I found myself agreeing with many of his policies and impressed with his background knowledge. I thought we need many of these policies implemented now because our health and our environment and our pocketbooks are suffering, and each year is worse. And I wondered why we think that only the Liberals and Conservatives can form a government, when they are not as forward thinking as Harris or even Layton. On what planet was it written in stone that we can never vote a party other than those two into power?

Harris hammered home the fact of the media shutout to the point Mansbridge got a bit testy, and then he did it again, but he also took advantage of this rare opportunity to speak to the public through the media and dispelled some myths and explained his party's policies well. (Studio 2 had an interview with him as well, which I caught the tail end of.)

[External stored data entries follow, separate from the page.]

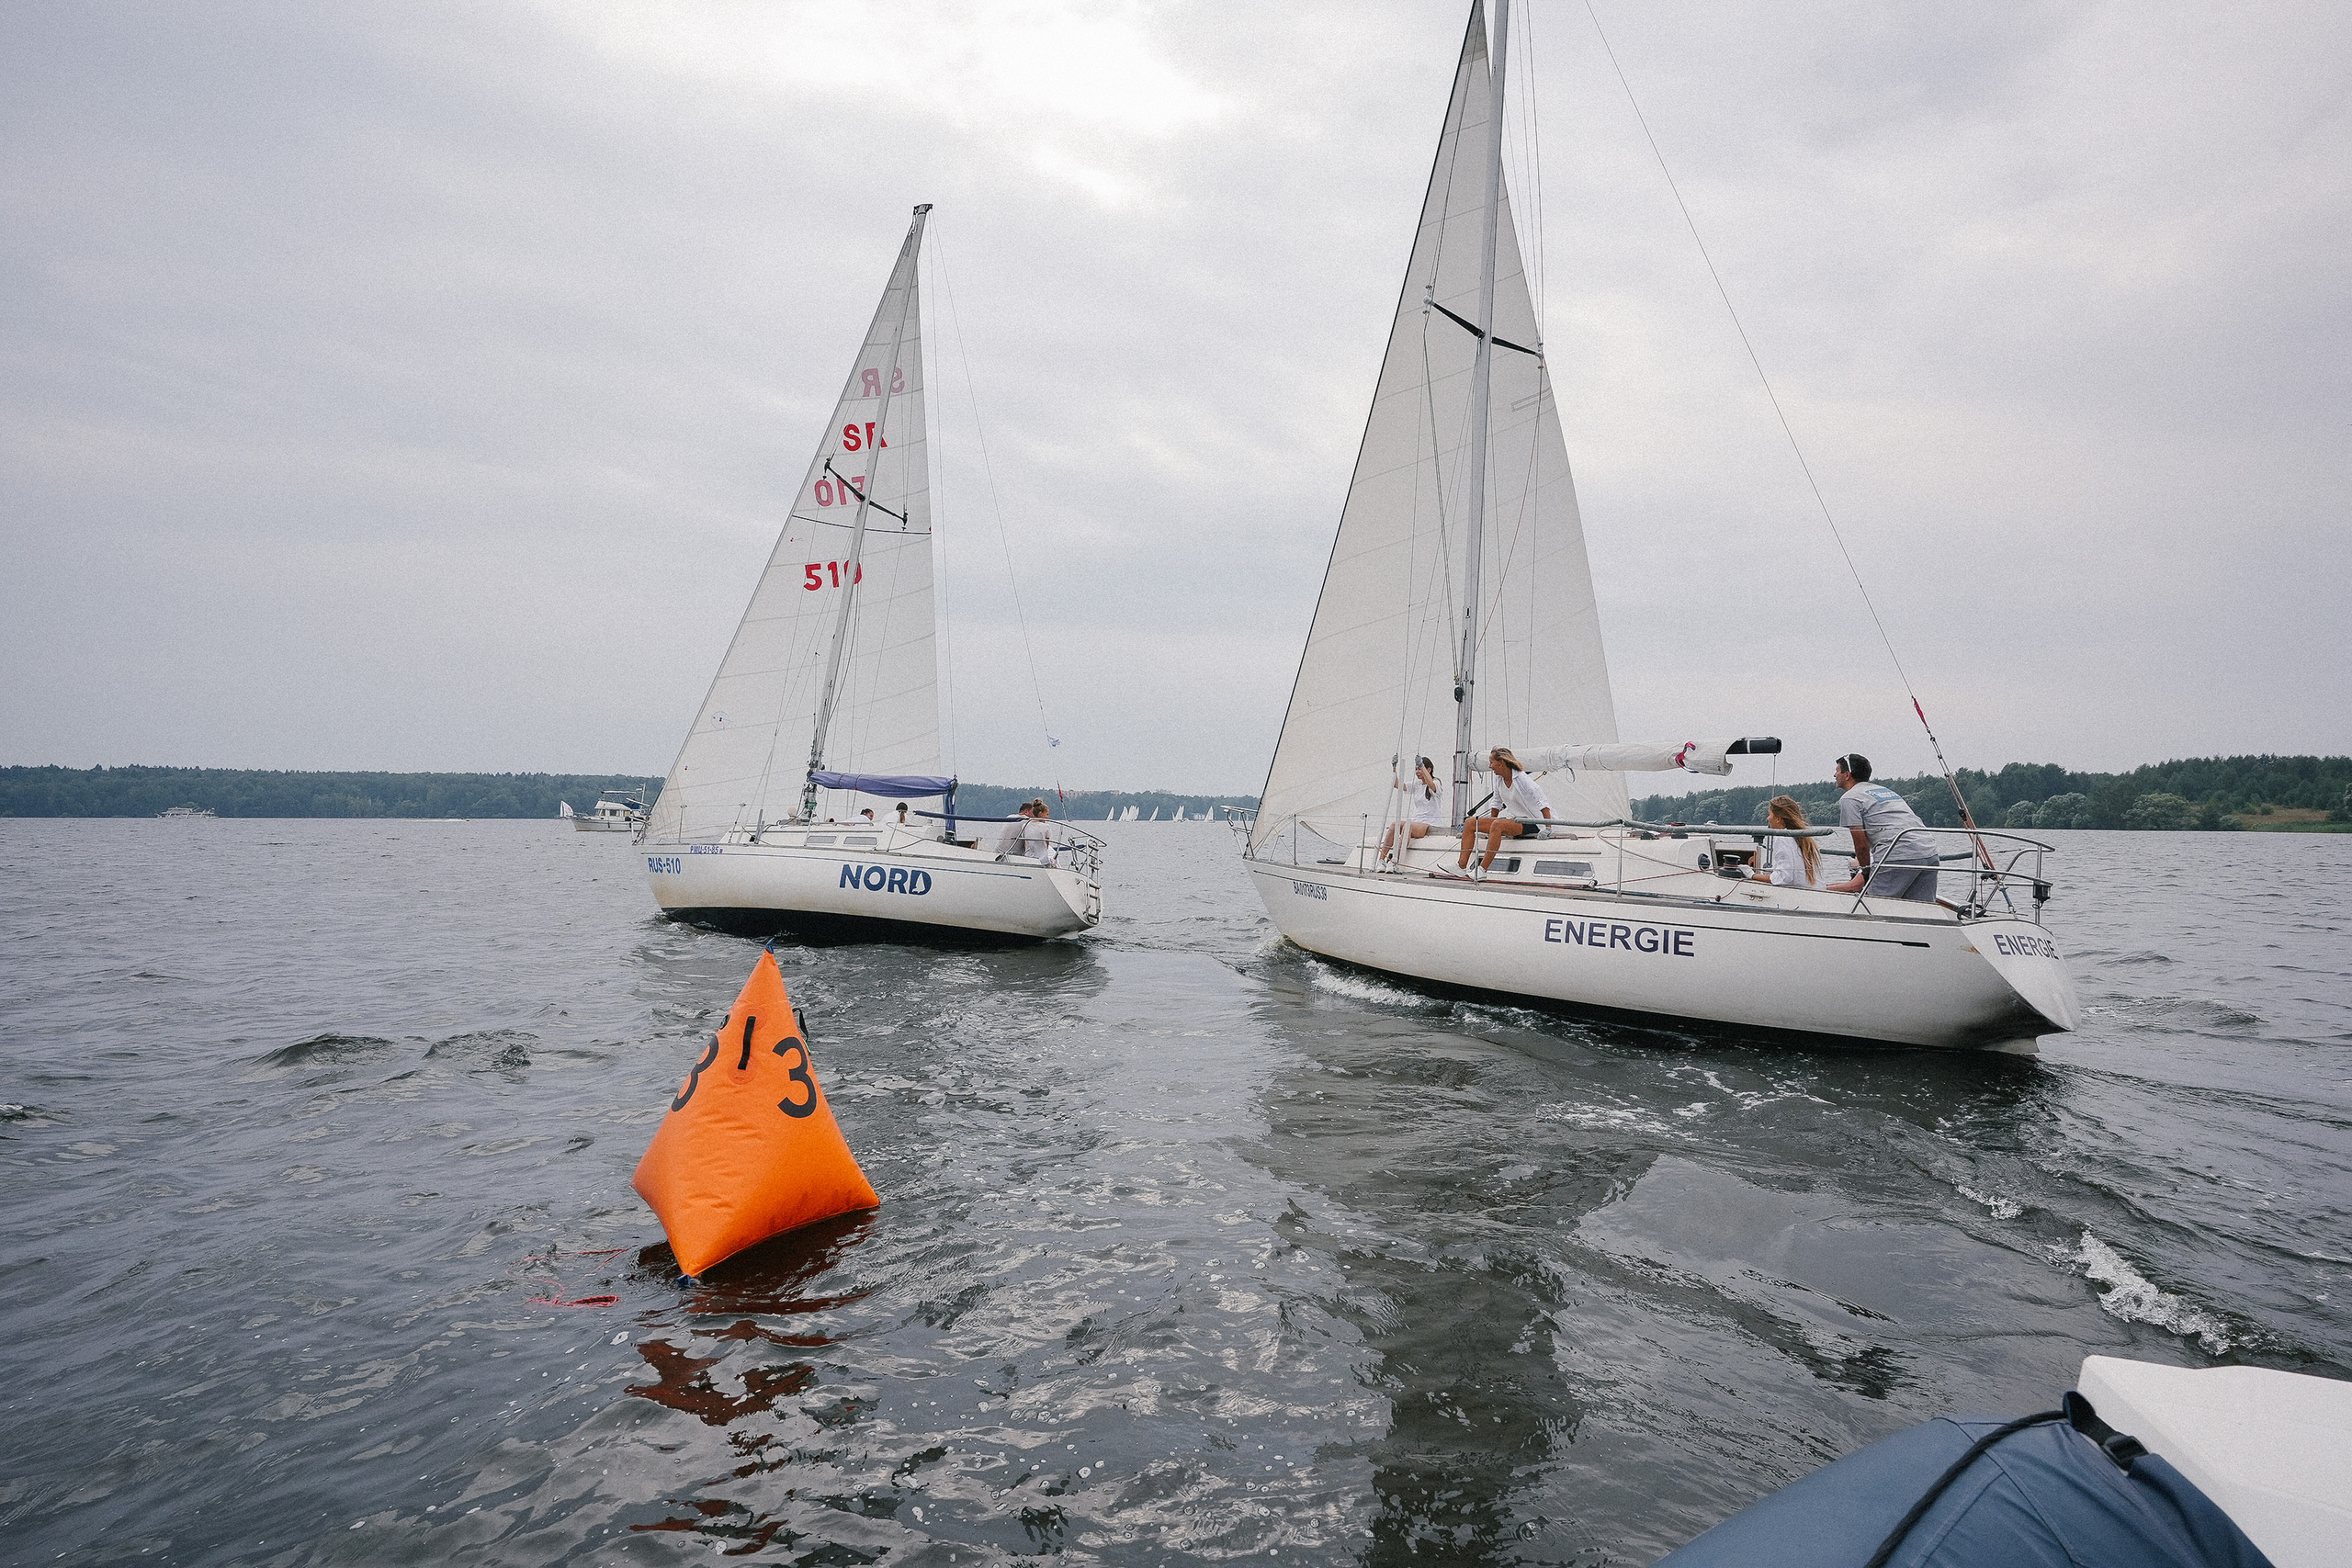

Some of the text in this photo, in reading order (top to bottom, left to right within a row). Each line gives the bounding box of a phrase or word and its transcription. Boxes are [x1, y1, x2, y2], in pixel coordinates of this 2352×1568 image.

[648, 857, 681, 874] RUS-510
[839, 863, 933, 896] NORD
[1544, 919, 1695, 957] ENERGIE
[1993, 934, 2060, 961] ENERGIE
[772, 1036, 818, 1119] 3

Truths: The Green Party attracts people evenly from across the specturm of political affiliation. It will not have voluntary compliance, but will regulate and force the corporations to meet emission targets.

Policies: Some of his policies are creative, like adding the right to clean air, uncontaminated water, and uncontaminated soil to the Charter. Can you imagine the ramifications, not only on Canadian corporations and governments, but also on treaties with the U.S.? It's audacious. I think his tax policy is particularly good. Calling 10 cents on a litre of gasoline a childhood asthma tax is brilliant. Shifting the burden from the poorest to high-energy consuming and wealthy Canadians is compassionate and smart as a way to change our consumption habits and to create green collar jobs. He's right to bring up the fact that we have no wind industry, resulting in jobs going to Denmark, Germany, and the U.S. Why are there no companies creating manufacturing jobs in the green industry? And more importantly why are our governments doing nothing to little at best to stimulate those kinds of jobs?

It's too bad Harris won't be in the leaders' debates. He would challenge Harper and Martin in a way that would make Canadians start thinking, "yeah, why aren't they doing that?" And he'd remind us of things we've already forgetten but kill us every year, like the record number of smog days in Toronto this past summer.